Não só devido à sua elevada mortalidade, a endocardite infecciosa requer um tratamento abrangente. É necessária uma estreita cooperação interdisciplinar para alcançar os melhores resultados possíveis.
A endocardite infecciosa é uma doença complexa associada a uma elevada mortalidade. Uma estreita cooperação interdisciplinar, especialmente entre cardiologistas, infectologistas, radiologistas e cirurgiões cardíacos, é necessária para assegurar o melhor tratamento possível. A publicação de novos artigos, melhorias nas técnicas de imagem e discrepâncias entre as anteriores directrizes europeias e americanas levaram a que as directrizes europeias fossem actualizadas em 2015 [1]. Este artigo resume estas directrizes.
Prevenção
As indicações para a profilaxia da endocardite já eram restritas há alguns anos. As actividades diárias, tais como escovar os dentes, causam uma bacteremia repetitiva e fraca, que presumivelmente representa um risco mais elevado para o desenvolvimento de endocardite do que a bacteremia rara no decurso de uma intervenção (dentária) [2]. Assume-se, portanto, que a profilaxia de endocardite antibiótica só é capaz de prevenir um pequeno número de casos de endocardite, se houver algum. A profilaxia da endocardite é, portanto, agora apenas recomendada para pacientes com maior risco de aquisição e para um curso desfavorável de endocardite. Segundo as directrizes europeias, trata-se de doentes com válvulas protéticas ou com válvulas reconstruídas (se for utilizado material protético), doentes submetidos a endocardite ou doentes com cianose, cuidados paliativos ou viciação congénita corrigidos por material estranho (durante 6 meses após a intervenção) [1]. As directrizes suíças recomendam ainda a profilaxia para pacientes com um defeito do septo ventricular, um botalli de ducto persistente ou para pacientes com viciação valvar em corações transplantados. Enquanto as directrizes europeias prevêem apenas a profilaxia antes dos procedimentos dentários, na Suíça também se recomenda a profilaxia antes de certos procedimentos sobre as vias gastrointestinais, urogenitais e respiratórias [3].
Diagnóstico
Clínica, microbiologia (especialmente culturas de sangue) e ecocardiografia são as pedras angulares no diagnóstico da endocardite. Além disso, outras técnicas de imagem podem fornecer informações importantes.

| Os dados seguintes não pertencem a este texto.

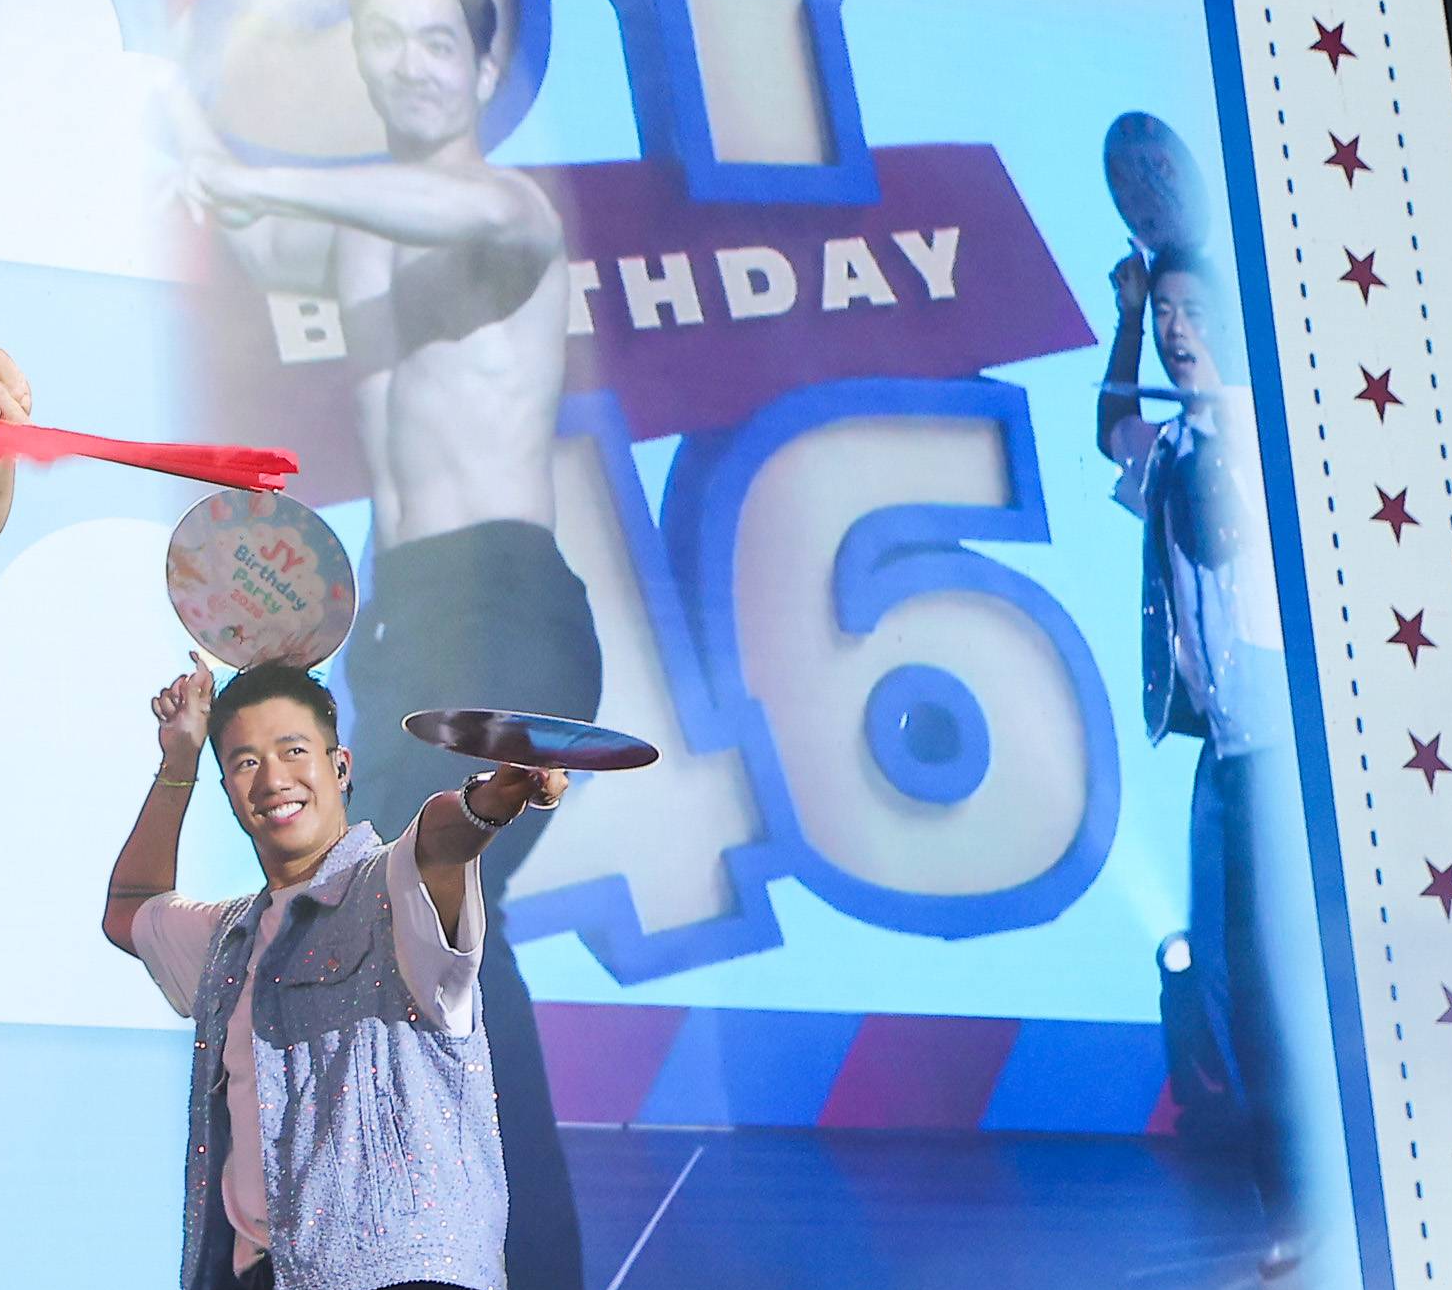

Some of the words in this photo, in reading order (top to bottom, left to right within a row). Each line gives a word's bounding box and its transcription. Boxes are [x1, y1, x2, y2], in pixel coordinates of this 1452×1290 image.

Clínica: O quadro clínico da endocardite é variável e depende do a.o. Os resultados dependem do agente patogénico e das várias características do doente. O sintoma mais comum é a febre, que ocorre em até 90% dos casos. Um sopro cardíaco pode ser auscultado em até 85% dos casos. As complicações embólicas são encontradas em cerca de 25% dos doentes no momento do diagnóstico [1]. Os clássicos estigmas periféricos de origem vascular (por exemplo, lesões de Janeway, hemorragias de farpas) e imunológica (por exemplo, nódulos de Osler, manchas de Roth) tornaram-se mais raros, uma vez que são v.a. estão presentes nos casos subagudos e hoje em dia os pacientes tendem a apresentar-se na fase aguda da endocardite.
Microbiologia: Se houver suspeita de endocardite, pelo menos três pares de culturas de sangue devem ser colhidos de veias periféricas a intervalos de 30 minutos antes de se iniciar a antibioticoterapia. Em quase 1/3 dos casos de endocardite, estas culturas de sangue são negativas. A razão mais comum para isto é a terapia antibiótica anterior. Em tais situações, é indicado um período de tempo sem antibióticos com subsequente repetição da colheita de cultura de sangue, se justificável do ponto de vista clínico. Outras causas de hemoculturas iniciais negativas são fungos, e bactérias difíceis de cultivar ou intracelulares (por exemplo, Coxiella burnetii, Bartonella spp., Brucella spp.). No caso de hemoculturas iniciais negativas e suspeita persistente de endocardite, as culturas em meios especiais, exames serológicos ou testes de “reacção em cadeia da polimerase” podem contribuir para o diagnóstico [4]. Se for realizada uma cirurgia numa válvula infectada, o exame microbiológico do material ressecado é de importância diagnóstica.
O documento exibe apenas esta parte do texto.